Het aantal huisartsen dat ons land wil verlaten en elders een huisartsenpraktijk wenst op te starten, blijft beperkt. Dat blijkt uit cijfers van de federale overheidsdienst (FOD) Volksgezondheid. In 2011 dienden 34 huisartsen een aanvraag in voor het certificaat dat ze nodig hebben om zich in en ander land als huisarts te vestigen. In 2010 deden 29 huisartsen deze demarche. Toch kunnen we niet spreken van een stijgende tendens. Het cijfer van 2011 ligt immers in de lijn van het aantal aanvragen dat in 2009 (35) en 2008 (34) werd ingediend.

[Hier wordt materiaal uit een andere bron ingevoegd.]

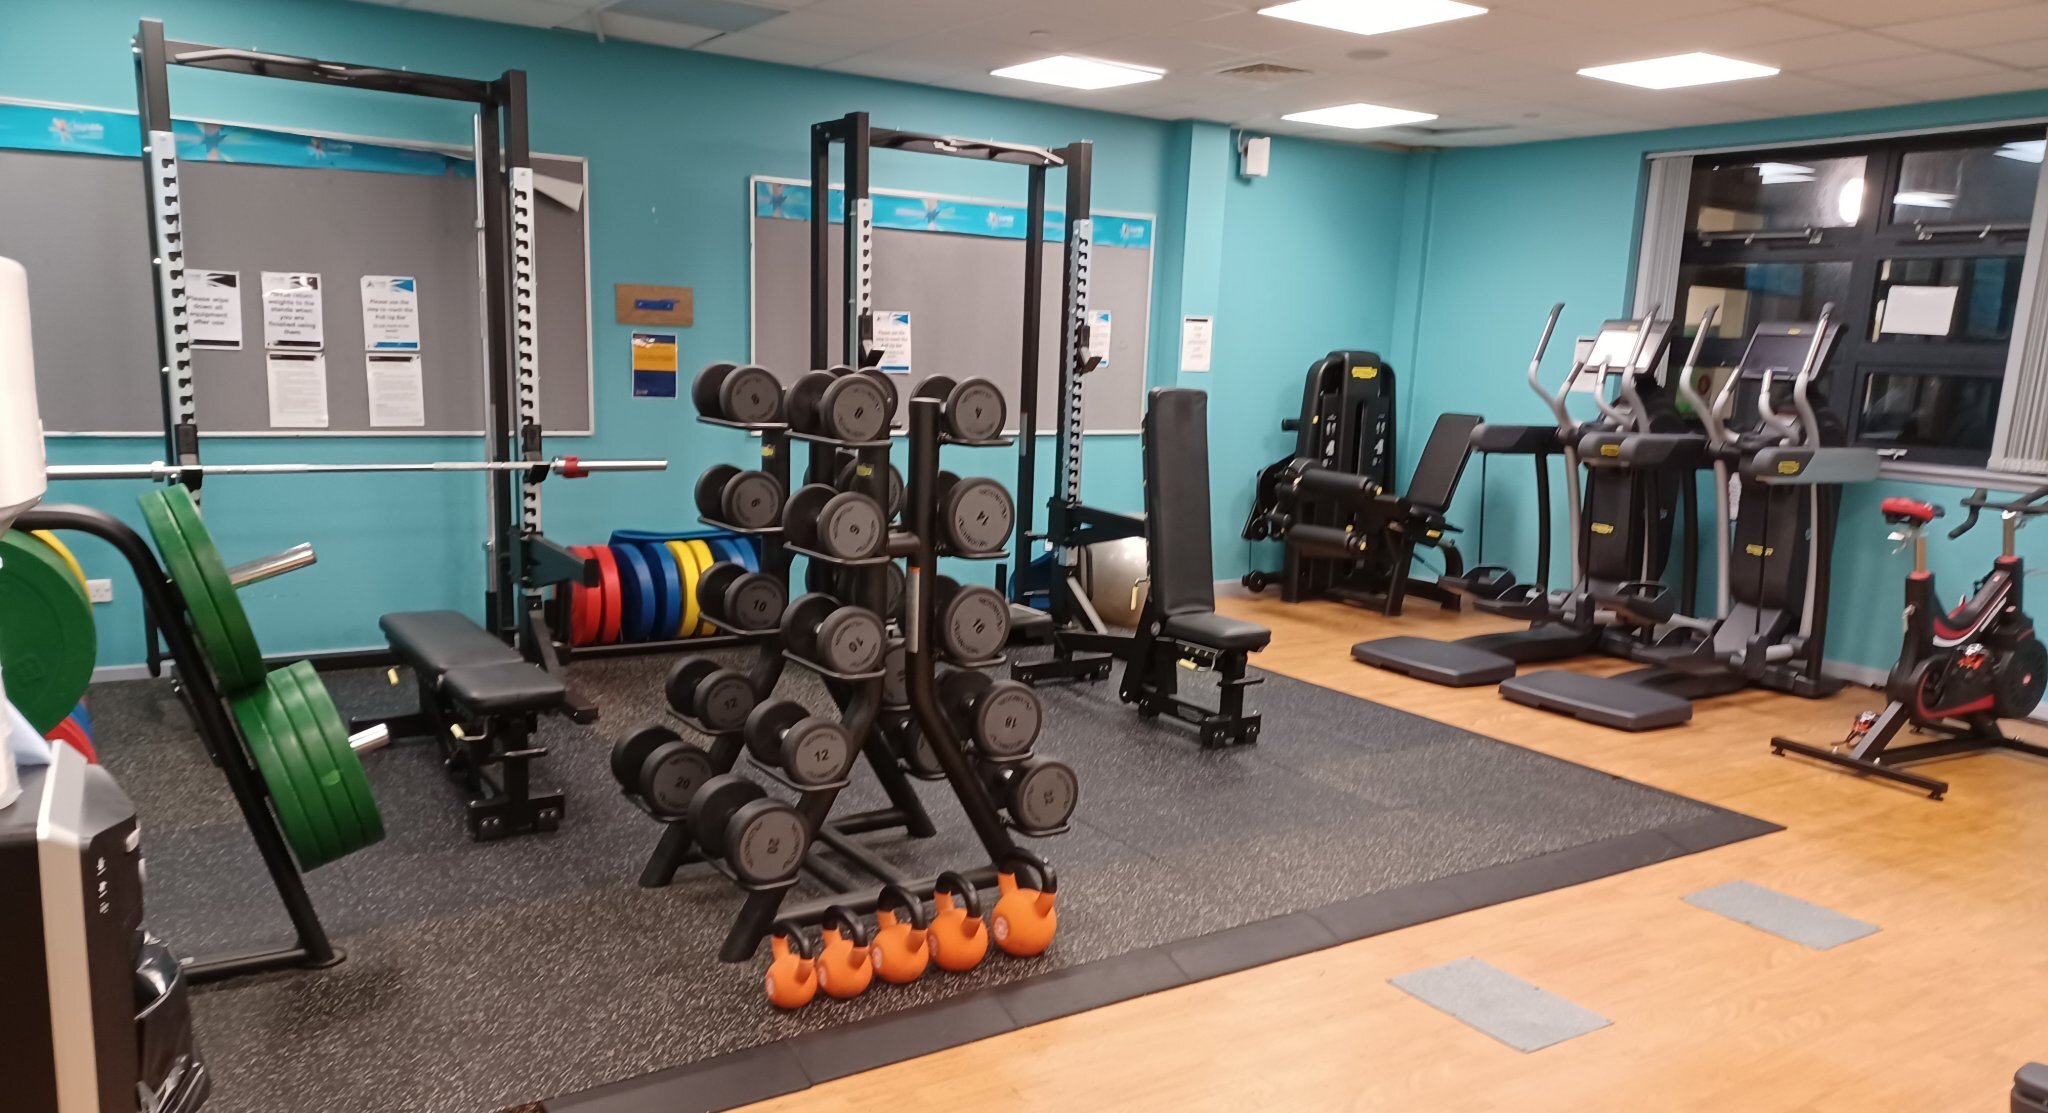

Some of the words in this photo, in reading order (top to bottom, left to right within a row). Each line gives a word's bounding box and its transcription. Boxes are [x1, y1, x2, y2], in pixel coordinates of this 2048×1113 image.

Bij de specialisten ligt het aantal aanvragen om te emigreren een pak hoger. Maar liefst 254 erkende specialisten deden vorig jaar een aanvraag bij de FOD Volksgezondheid. In 2010 waren er dat ‘maar’ 184, in 2009 224. Het jaar daarvoor lag het aantal aanvragen met 281nog wat hoger. Bovenop de huisartsen en de erkende specialisten zijn er ook een groot aantal artsen met enkel een basisdiploma die een certificaat aanvragen. Vorig jaar waren er dat 196, in 2010 178. De voorgaande jaren lag hun aantal net iets boven de 200.
Uiteraard zijn er niet enkel (huis)artsen die willen emigreren. Er zijn ook artsen uit andere EU-landen die de omgekeerde beweging maken en zich net in ons land willen vestigen. Dat aantal is het voorbije jaar trouwens spectaculair toegenomen. In 2010 werd voor het eerst de kaap van de honderd aanvragen (101) gerond. Vorig jaar verdubbelde dat tot 210. Het nettoresultaat voor het aantal huisartsen is positief: er zijn meer immigrerende dan emigrerende huisartsen. Bij de specialisten is het saldo wel negatief.